I Dreamt I Had Cancer

by Chua Han Au

Falling asleep is no longer closing your eyes due to fatigue, instead, it is the deliberate move to pretend that drags you to slumber. However there are times when pretence is futile and the inability to sleep can be due to constantly thinking about a terrifying and malevolent entity. Those prominent dark characteristics — the gashed ceramic faces of marionettes and uncanny smiles. Not to mention the eccentric brows that seem to be in perpetual dismay and the sinister mocking navigating its way through the hall towards your bedroom (many of which are just your mind playing tricks). Of course, there are instances when it’s simply not a self-created terror, yet pangs of fear palpable enough to serrate your vulnerability.

Bubbles of screams explode into silences. Hints of trepidation leak from pores as previous encounters with these horrifying and most possibly morbid entities come to you in a surge faster than current. Often, your mind remains watchful but you’re dead at your feet.

They say that the phantasmagoria of horror is merely a manifestation of subconscious thoughts. True enough, the innate fear we have might just be a manifestation of things that are not fearful, but entities that we have put masks of ghosts on. A fear which is synthetic, yet capable to remove one from his most raw and purest form.

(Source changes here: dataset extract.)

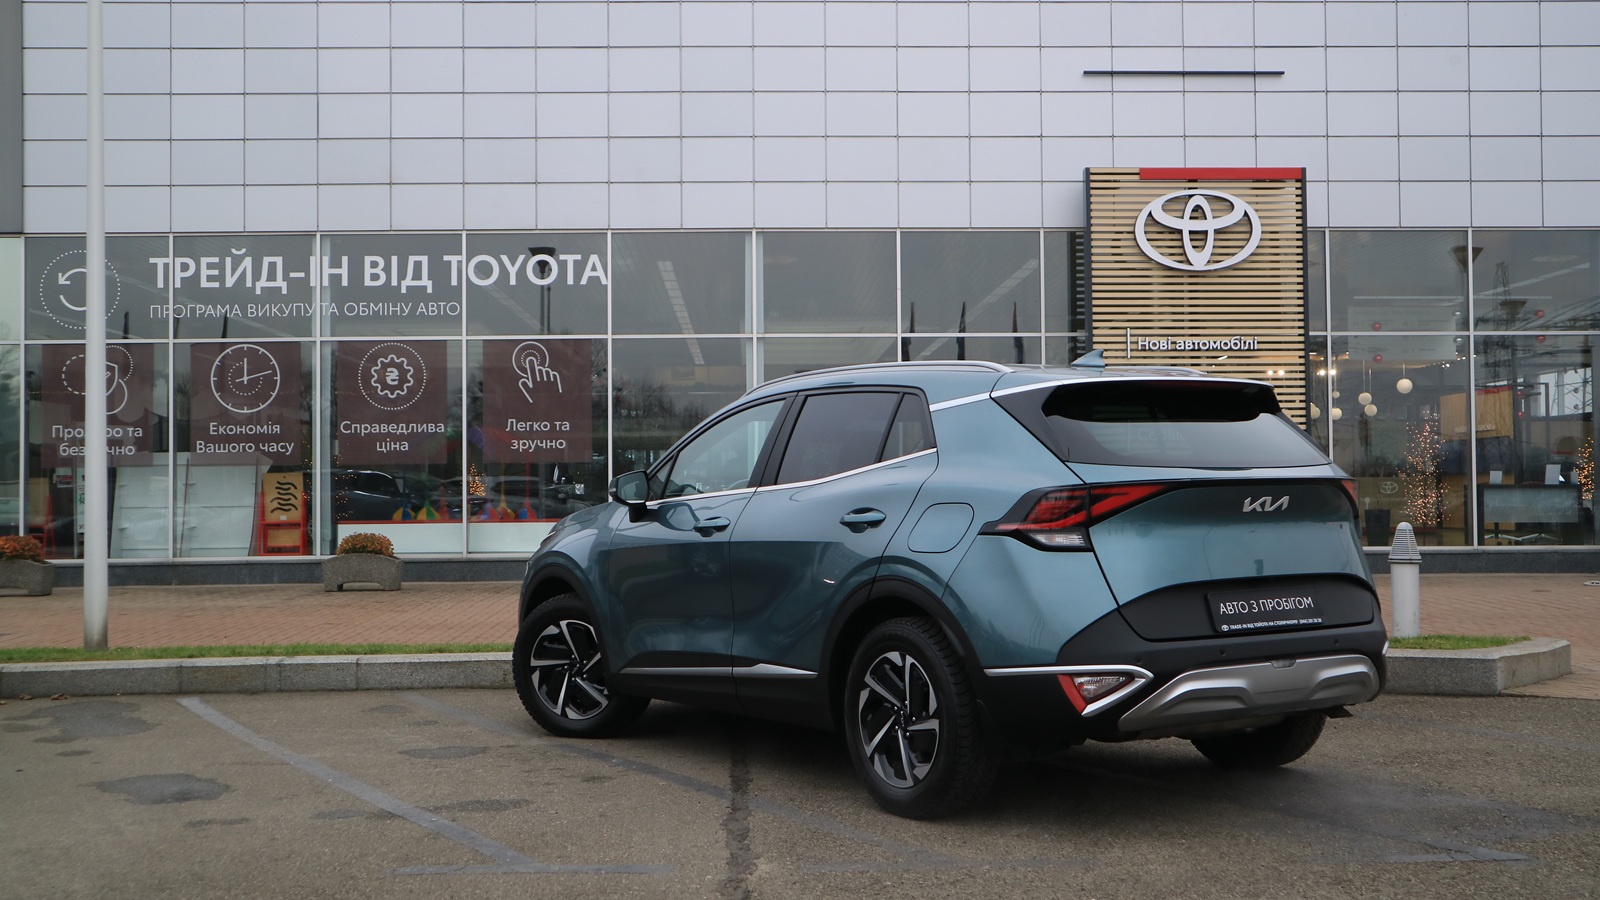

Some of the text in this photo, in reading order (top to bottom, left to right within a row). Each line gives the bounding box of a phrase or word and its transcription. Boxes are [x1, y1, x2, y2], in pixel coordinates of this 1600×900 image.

I still have to say that the inadvertent constant thinking is not a twisted fascination about the occult. It’s because we fill the heart with too much fear.

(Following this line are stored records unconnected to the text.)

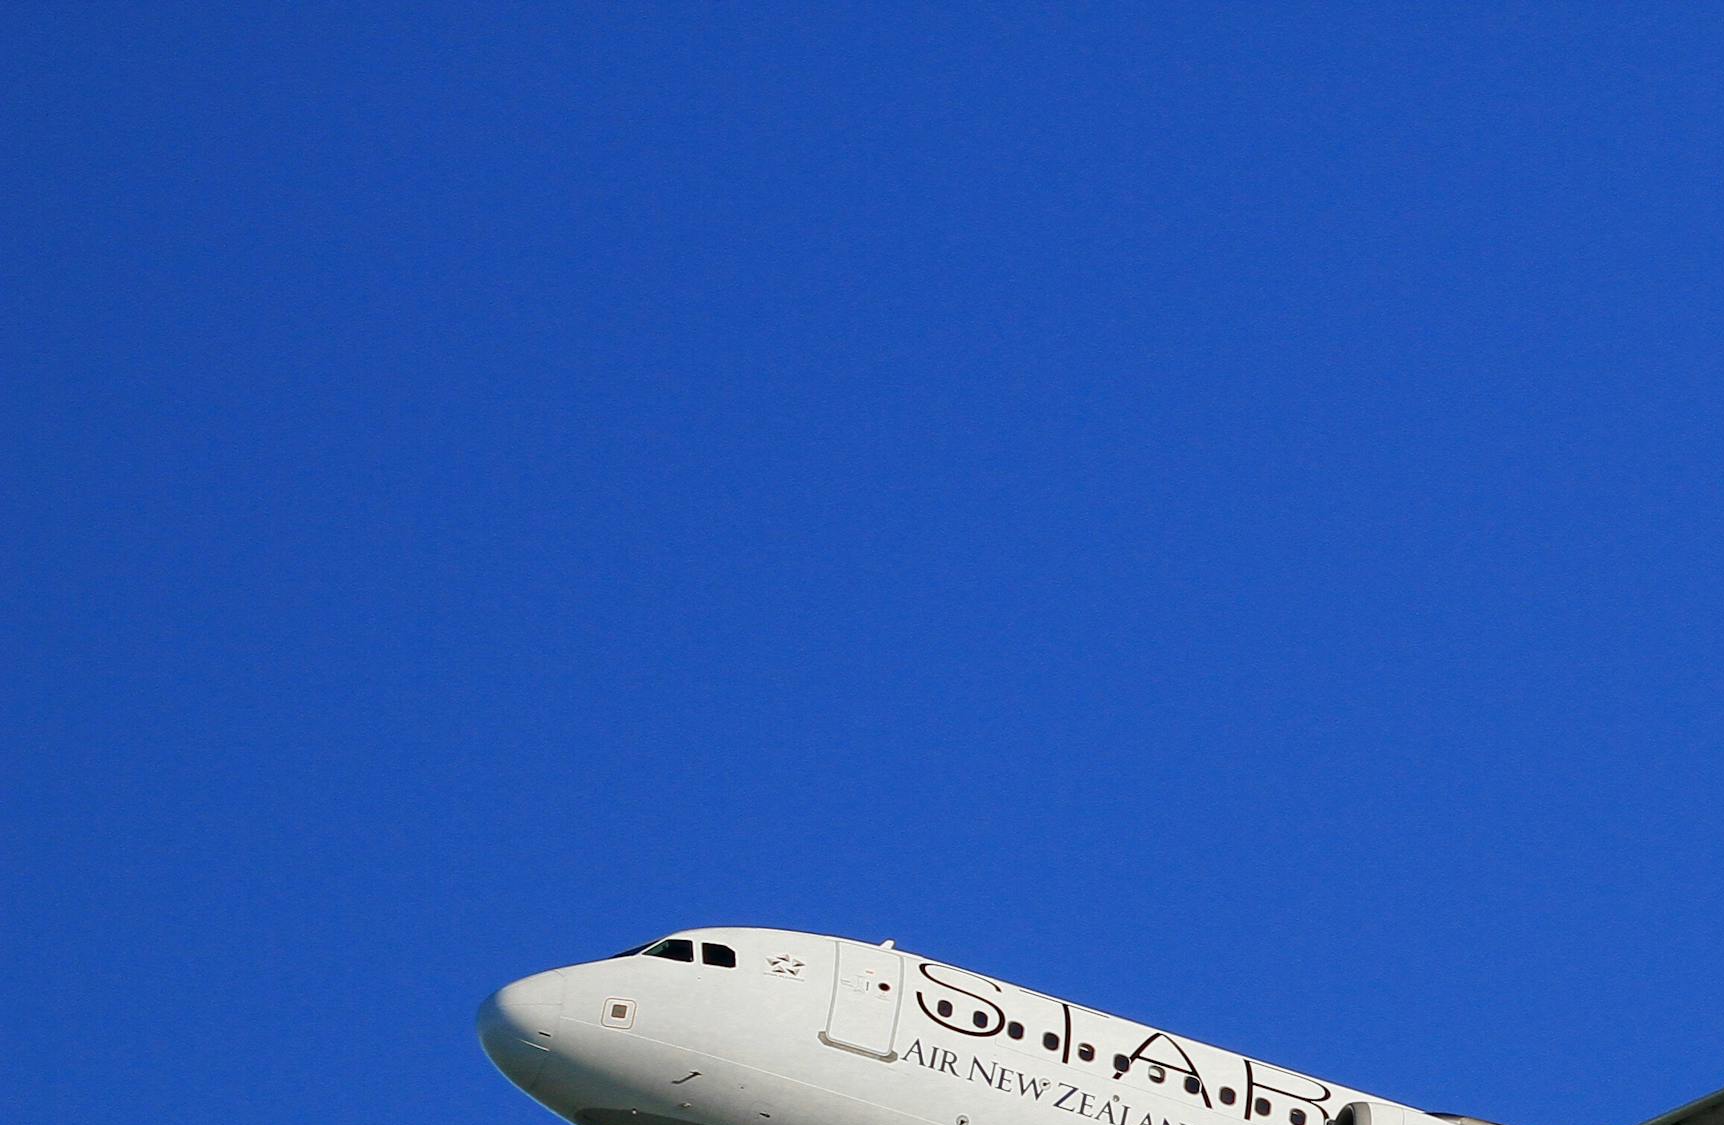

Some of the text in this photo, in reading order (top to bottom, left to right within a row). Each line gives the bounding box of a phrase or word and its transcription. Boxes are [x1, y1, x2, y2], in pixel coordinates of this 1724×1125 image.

[901, 1038, 960, 1078] AIR
[966, 1055, 1047, 1101] NEW
[916, 962, 1331, 1121] STAR
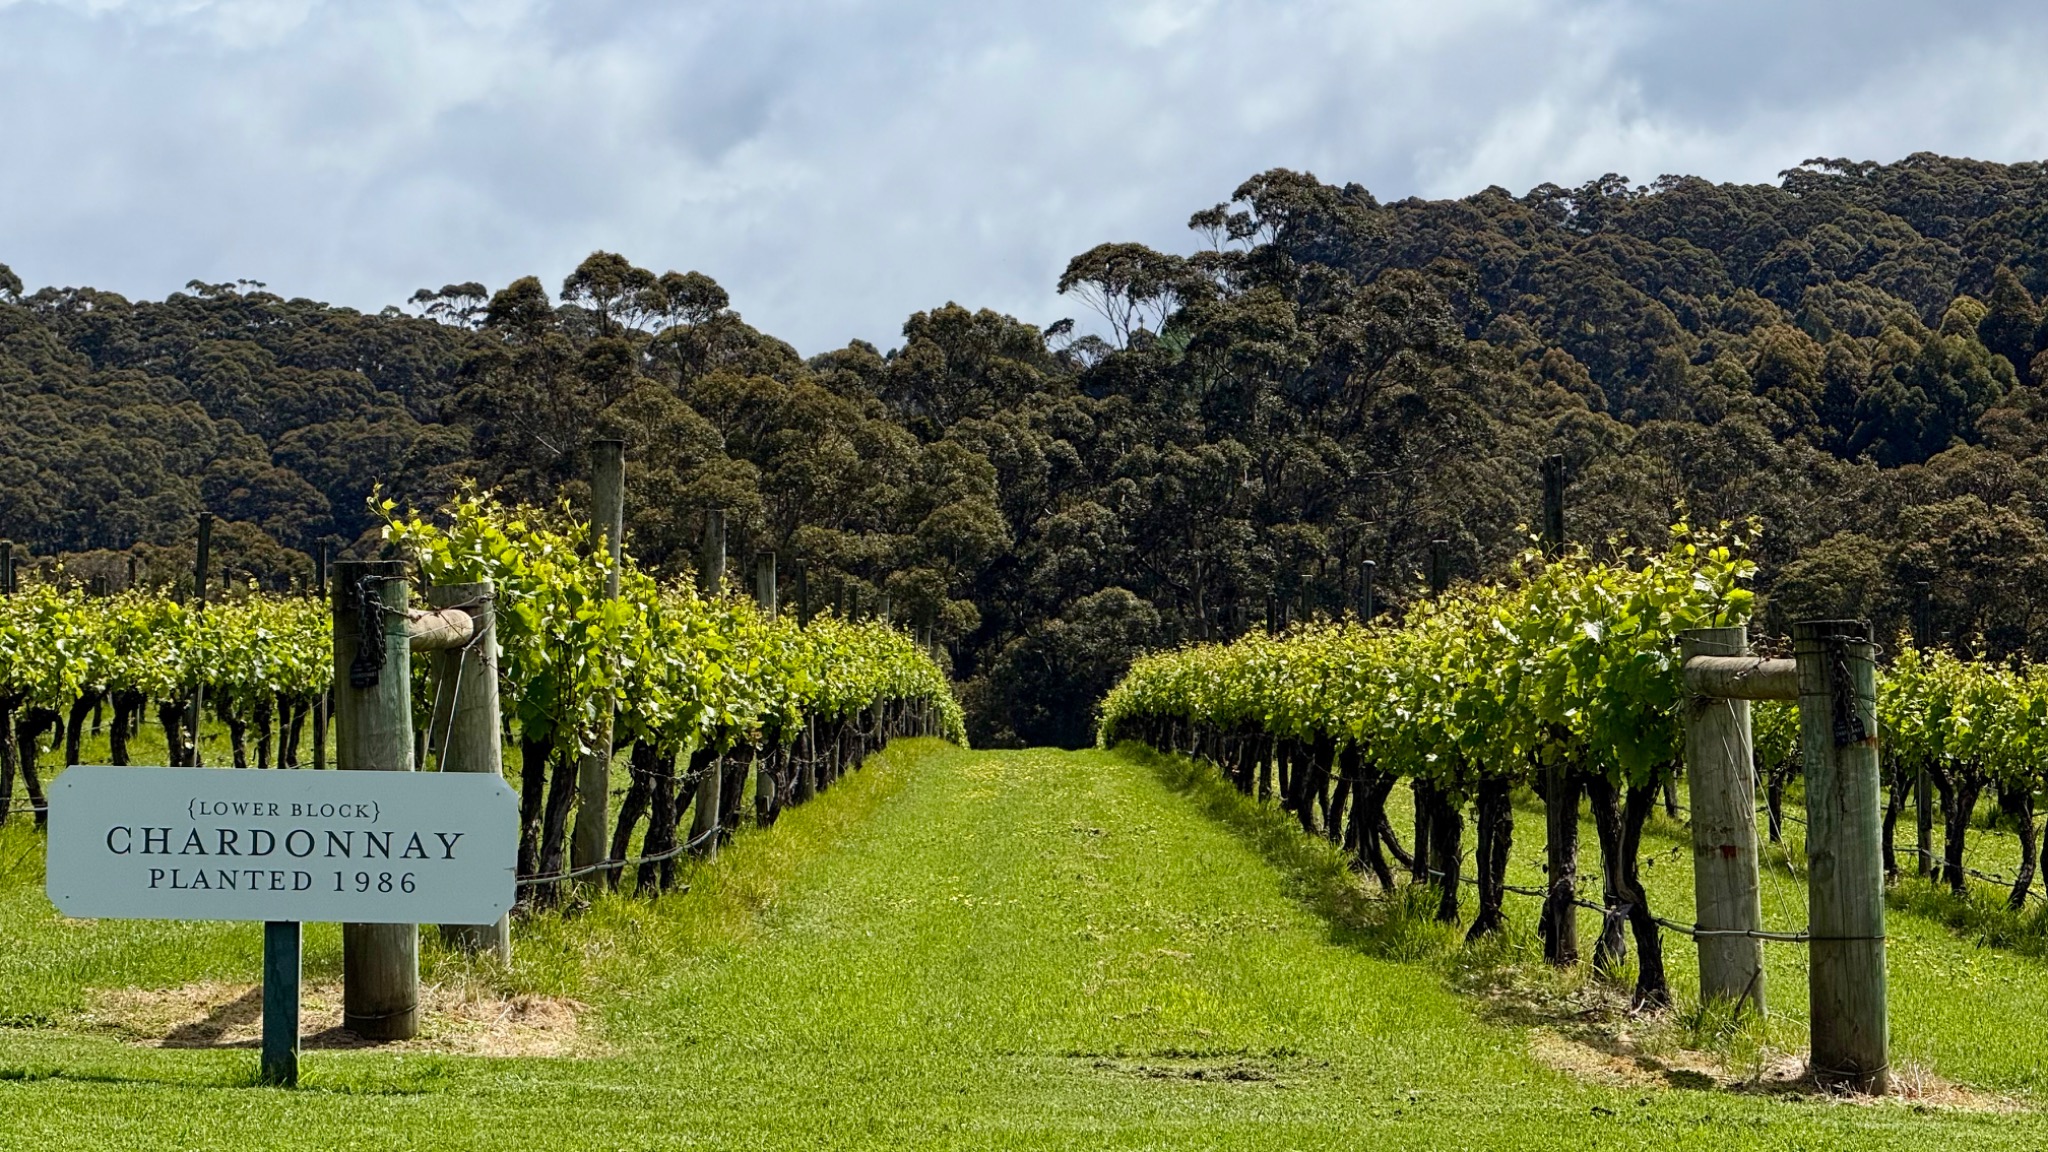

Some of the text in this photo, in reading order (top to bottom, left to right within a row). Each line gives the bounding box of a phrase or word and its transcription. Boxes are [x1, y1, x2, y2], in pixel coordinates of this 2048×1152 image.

[106, 826, 465, 861] CHARDONNAY
[147, 868, 417, 894] PLANTED 1986

Fearful of moment when your sensitivity might perhaps be misinterpreted as being overly concerned about trivial matters (the significance of which can never be fathomed by others). Fearful of the moment when you start to doubt yourself — if your chuckle in response to a seemingly hilarious joke might be perceived as perfunctory (when truth is, you are being honest; while the rest are being pretentiously engaged).

All of these fear — synthetic or innate — come together and manifest into something dark that stays within the soul and haunt us (in our dreams). I suppose this is why I dreamt that I had cancer.

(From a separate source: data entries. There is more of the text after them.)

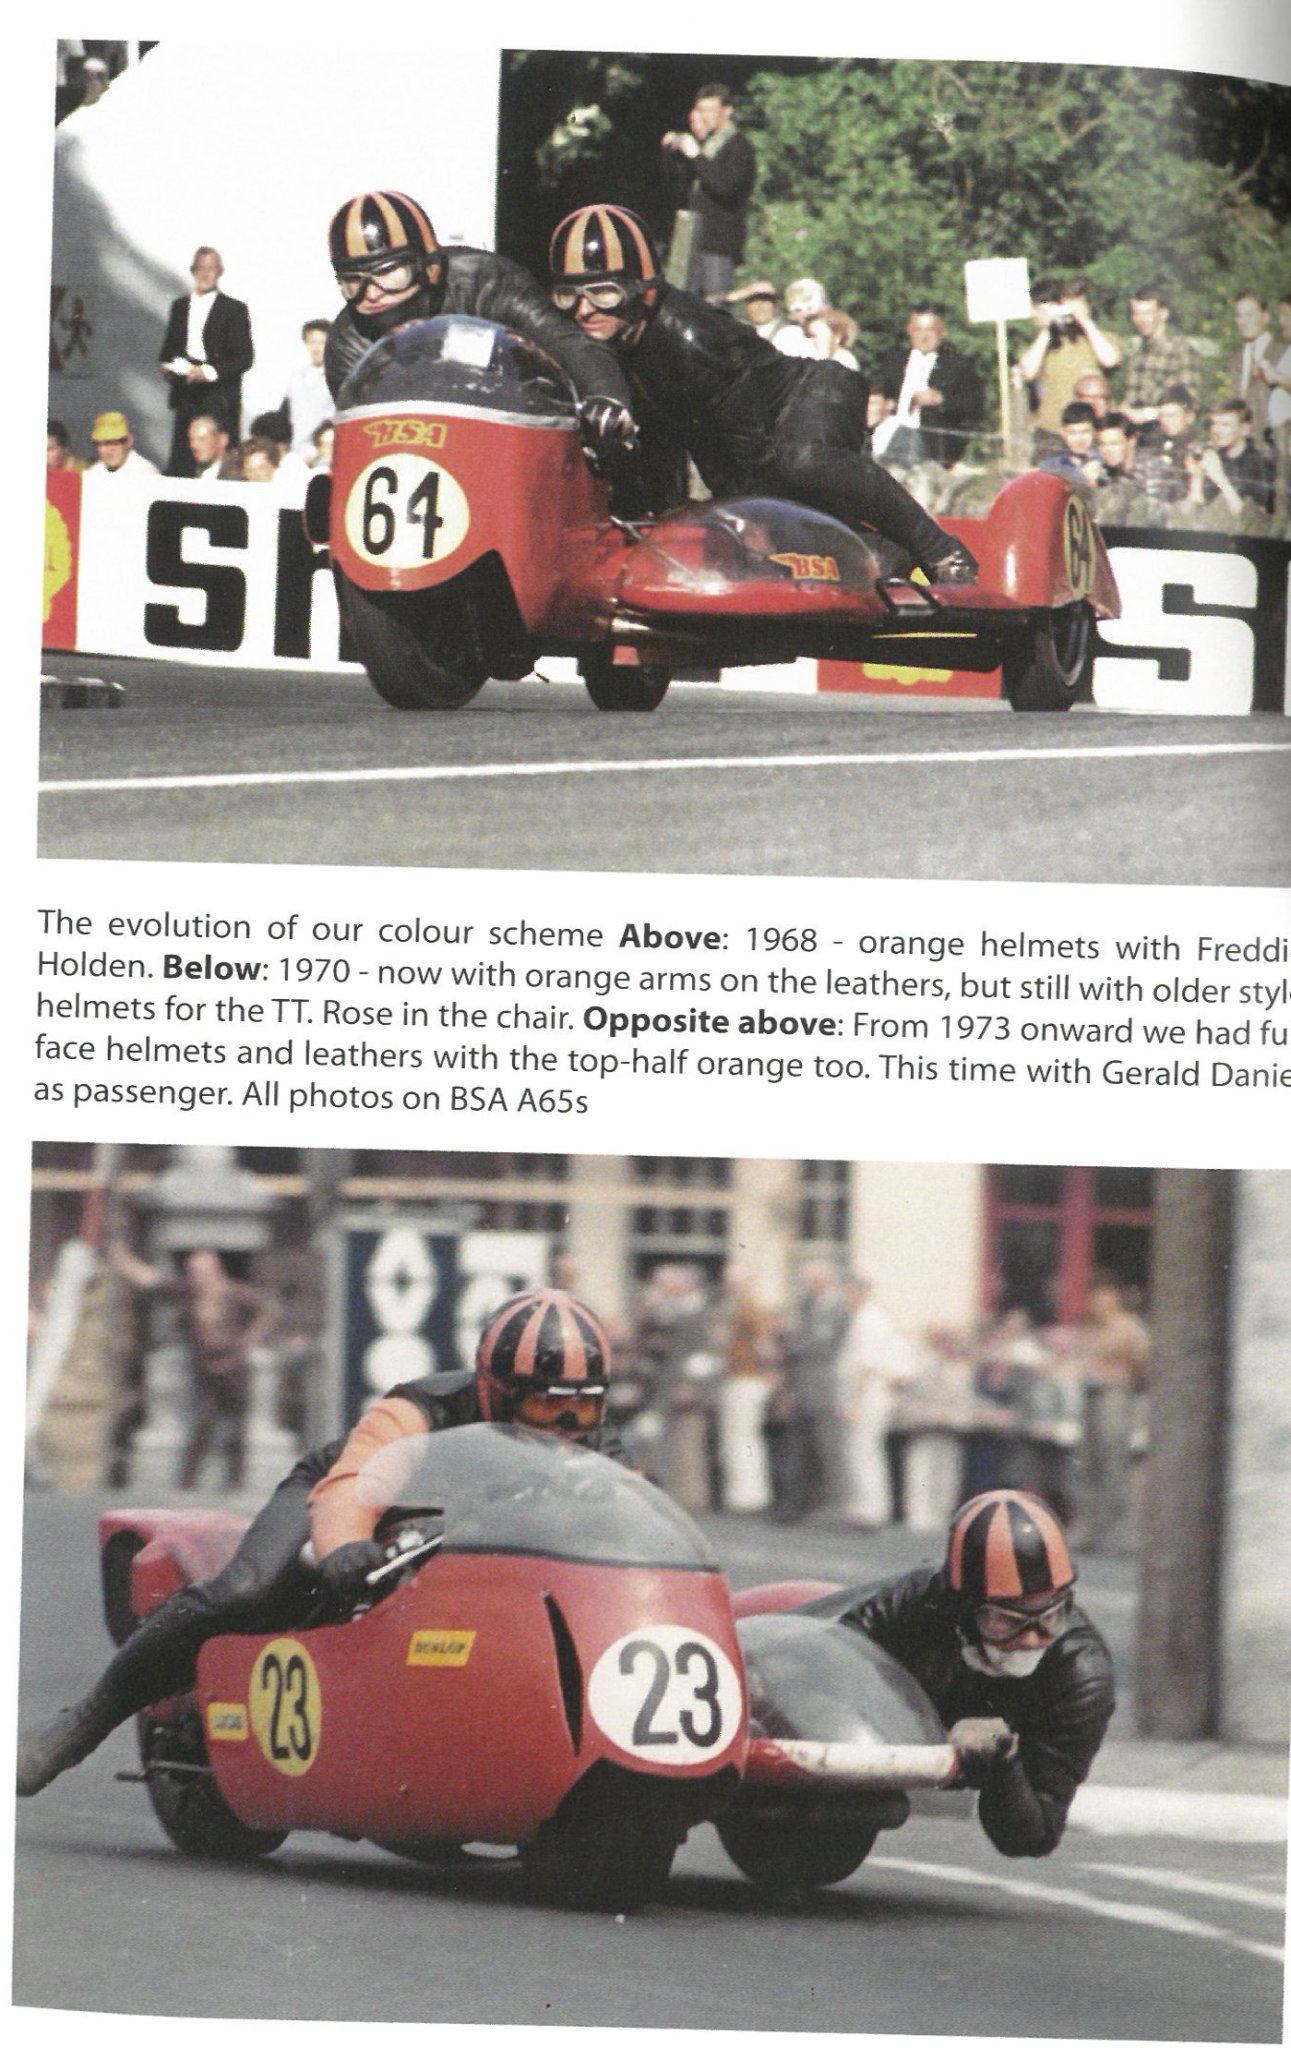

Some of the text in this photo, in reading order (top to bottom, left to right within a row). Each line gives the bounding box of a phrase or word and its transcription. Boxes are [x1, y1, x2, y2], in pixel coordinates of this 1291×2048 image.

[363, 466, 443, 559] 64
[768, 552, 840, 581] BSA
[1067, 501, 1091, 589] 64
[38, 909, 92, 935] The
[109, 912, 250, 938] evolution
[268, 914, 299, 939] of
[313, 923, 363, 941] our
[379, 918, 473, 944] colour
[490, 920, 603, 947] scheme
[619, 923, 728, 949] Above:
[748, 928, 817, 952] 1968
[859, 936, 964, 962] orange
[982, 931, 1099, 958] helmets
[1116, 935, 1179, 960] with
[1199, 937, 1291, 962] Freddi
[39, 951, 153, 978] Holden.
[164, 954, 268, 980] Below:
[281, 958, 350, 983] 1970
[379, 966, 442, 984] now
[451, 961, 515, 986] with
[526, 969, 630, 995] orange
[640, 972, 711, 991] arms
[721, 974, 757, 992] on
[768, 968, 816, 994] the
[827, 969, 950, 1000] leathers,
[962, 972, 1011, 998] but
[1021, 974, 1069, 999] still
[1079, 976, 1142, 1001] with
[1153, 977, 1230, 1003] older
[1240, 979, 1291, 1011] styl
[38, 992, 1287, 1045] helmets for the TT. Rose in the chair. Opposite above: From 1973 onward we had fu
[35, 1033, 95, 1060] face
[108, 1035, 225, 1063] helmets
[238, 1040, 292, 1065] and
[306, 1040, 422, 1068] leathers
[434, 1044, 497, 1069] with
[510, 1045, 557, 1071] the
[568, 1048, 689, 1079] top-half
[698, 1057, 802, 1083] orange
[814, 1056, 869, 1078] too.
[879, 1054, 937, 1080] This
[949, 1057, 1015, 1082] time
[1027, 1058, 1090, 1083] with
[1103, 1060, 1199, 1086] Gerald
[34, 1081, 587, 1113] as passenger. All photos on BSA A65s
[262, 1653, 311, 1761] 23
[618, 1640, 722, 1748] 23

The dream was not lucid, but what remained apparent was the fear of having to deal with cancer. I thought that was the end — the end of 17 years of my life on Earth. I felt bereft of all emotions. My parents then were indifferent, showing no apparent concern about my condition and treated it as though it was acne. I was alone, and having to deal with this fatal disease was beyond belief. Harking back, it was a world nothing but fear and colour nothing but grey.

Dreams are just one of the results of having excessive fear. The fear too restrains me from exuding my most enthusiastic and spontaneous personality. I am aware of my capability yet the fear suppresses it. While trying my best to put down the armour, something disallows it. Besides, I take things too personally. Little gestures seem to encompass a meaning that is far deeper than just simplistic salutations. Compliments seem far more contrived when they come from an acquaintance. I fear too much. Yet I let it seep in, allowing it enervate my body, leaving nothing but mere vulnerability.

Have you ever feared about being too happy? Constantly. Cherophobia. You forget to relish the moment then, fearing that something tragic is imminent. It’s twisted. It’s bad and it takes you out of your constant state of happiness. Yet, it always reminds you that you can’t be too happy lest catastrophe befalls.

Hitherto, I am learning to see and understand myself. Hopefully, the fear mitigates and doesn’t become a permanent phobia. I don’t know what’s happening but everything enters me more deeply and doesn’t stop. I am no longer who I was. But something stays: I am solitary by nature and I know that the melancholia only grows, never diminishes.